Within our eye we have a clear lens that allows light to be focused clearly onto the retina. Whenever this lens becomes cloudy, it becomes what is known as a cataract. This loss of transparency results in blurring of our vision, and may interfere with our ability to work, read, or perform activities that we enjoy.
Cataracts normally progress slowly over time, and cause a slow deterioration in our visual acuity and sharpness. Symptoms associated with cataracts include: blurry vision, declining color and object detail, double vision, glare off sunlight or headlights, difficulty reading, and poor night vision. While cataracts are in the early stages of formation, our vision can often be improved with changes in our glasses prescription. However, once our vision deteriorates to a certain level due to cataracts, your doctor will likely recommend a definitive treatment such as cataract surgery.

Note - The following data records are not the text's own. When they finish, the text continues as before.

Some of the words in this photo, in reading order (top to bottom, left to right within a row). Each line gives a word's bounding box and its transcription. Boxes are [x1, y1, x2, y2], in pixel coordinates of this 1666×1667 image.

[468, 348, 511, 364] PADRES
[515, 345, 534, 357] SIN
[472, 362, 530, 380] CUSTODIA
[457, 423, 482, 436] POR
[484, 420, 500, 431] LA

As mentioned in the previous description of cataract surgery, intraocular lenses (IOLs) are placed within the eye during cataract surgery to provide correction of our vision. The first IOL was successfully placed in the 1940's in England, and since this time IOLs have continued to evolve into the precise implants that we know today. If no replacement lens was placed within the eye, we would need extremely thick glasses to correct our vision after surgery. Thankfully, due to modern medical technology we have lens implants that correct our vision and decrease our dependence on glasses.

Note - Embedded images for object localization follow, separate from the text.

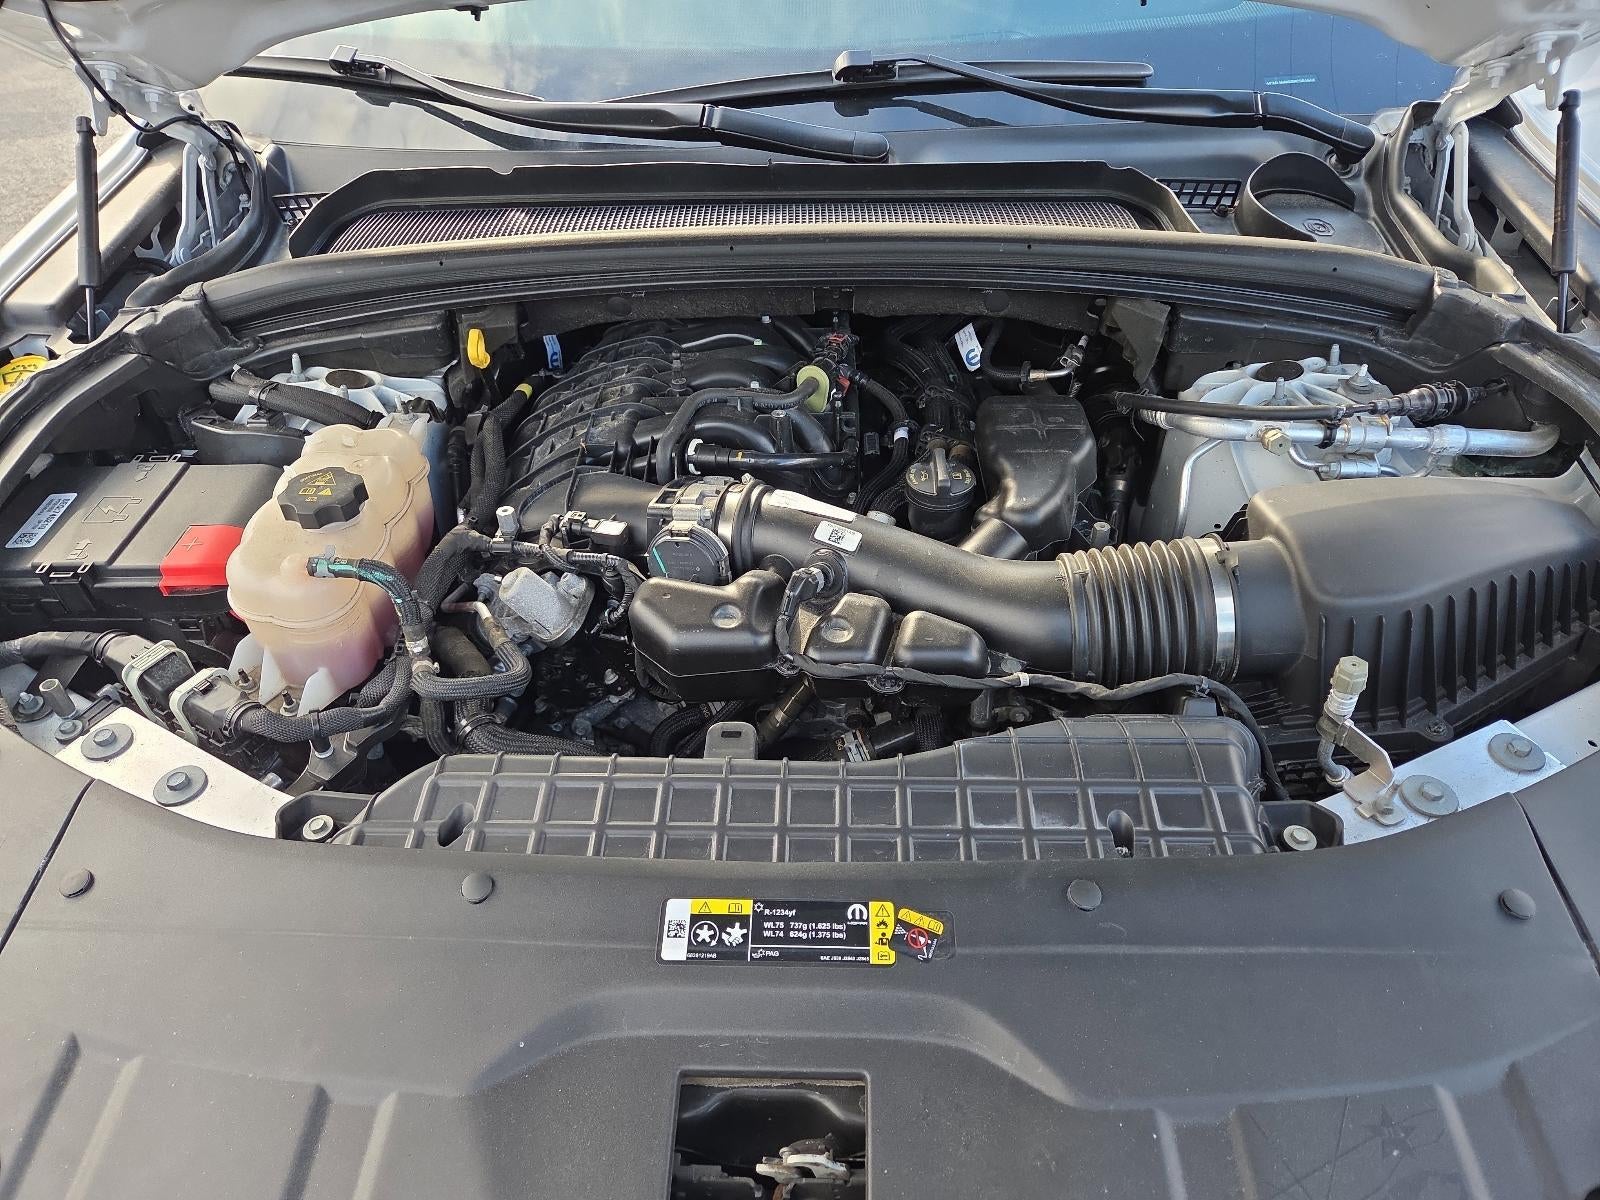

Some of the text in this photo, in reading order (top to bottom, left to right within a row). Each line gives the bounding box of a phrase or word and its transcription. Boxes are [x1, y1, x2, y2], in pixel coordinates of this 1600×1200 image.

[764, 909, 796, 917] R-1234yf
[763, 921, 846, 931] WL75 737g (1.625 lbs)
[763, 930, 784, 938] WL74
[809, 931, 831, 940] (1.375
[832, 931, 846, 940] lbs)
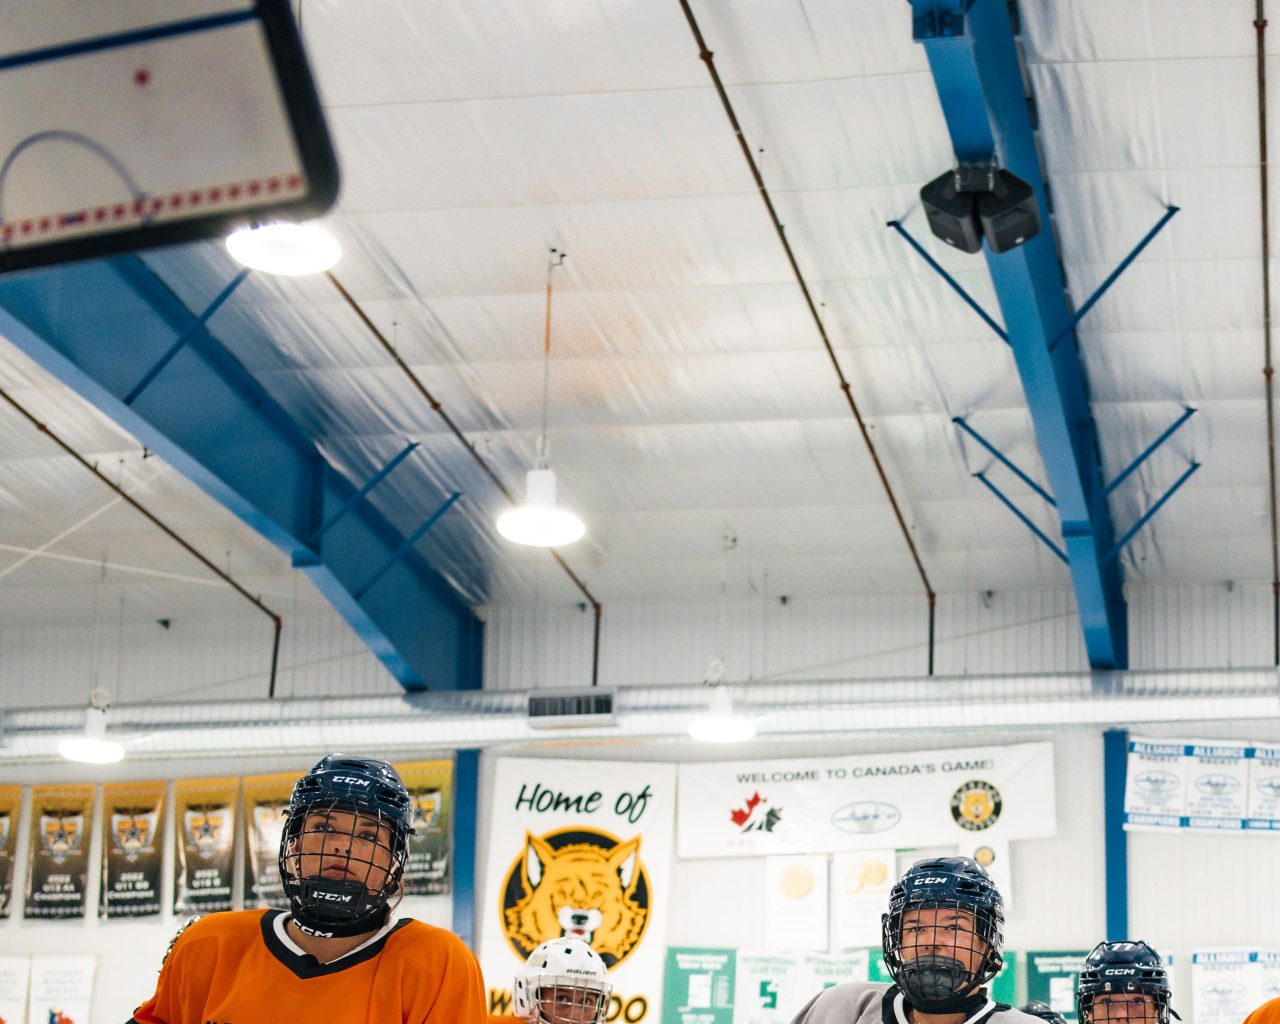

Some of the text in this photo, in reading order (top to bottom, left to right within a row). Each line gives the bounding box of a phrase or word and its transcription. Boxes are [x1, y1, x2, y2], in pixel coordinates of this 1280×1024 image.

When contemplating cataract surgery, we do have some options with regards to the IOLs. Before we discuss the IOL options further, we need to discuss two separate eye definitions. One is astigmatism and the other is presbyopia. Astigmatism is a term that describes a cornea that is curved in one direction more than the other. This leads to a decrease in the sharpness of your uncorrected vision. Just envision the difference between a basketball and a football. When looking down on a basketball, all directions basically slope away evenly from a central point. When looking down on a football from above, one axis is sloped more than the other. Therefore, people with astigmatism have a cornea that is shaped somewhat like a football. It is estimated that around 20 percent of the population has some degree of astigmatism since birth.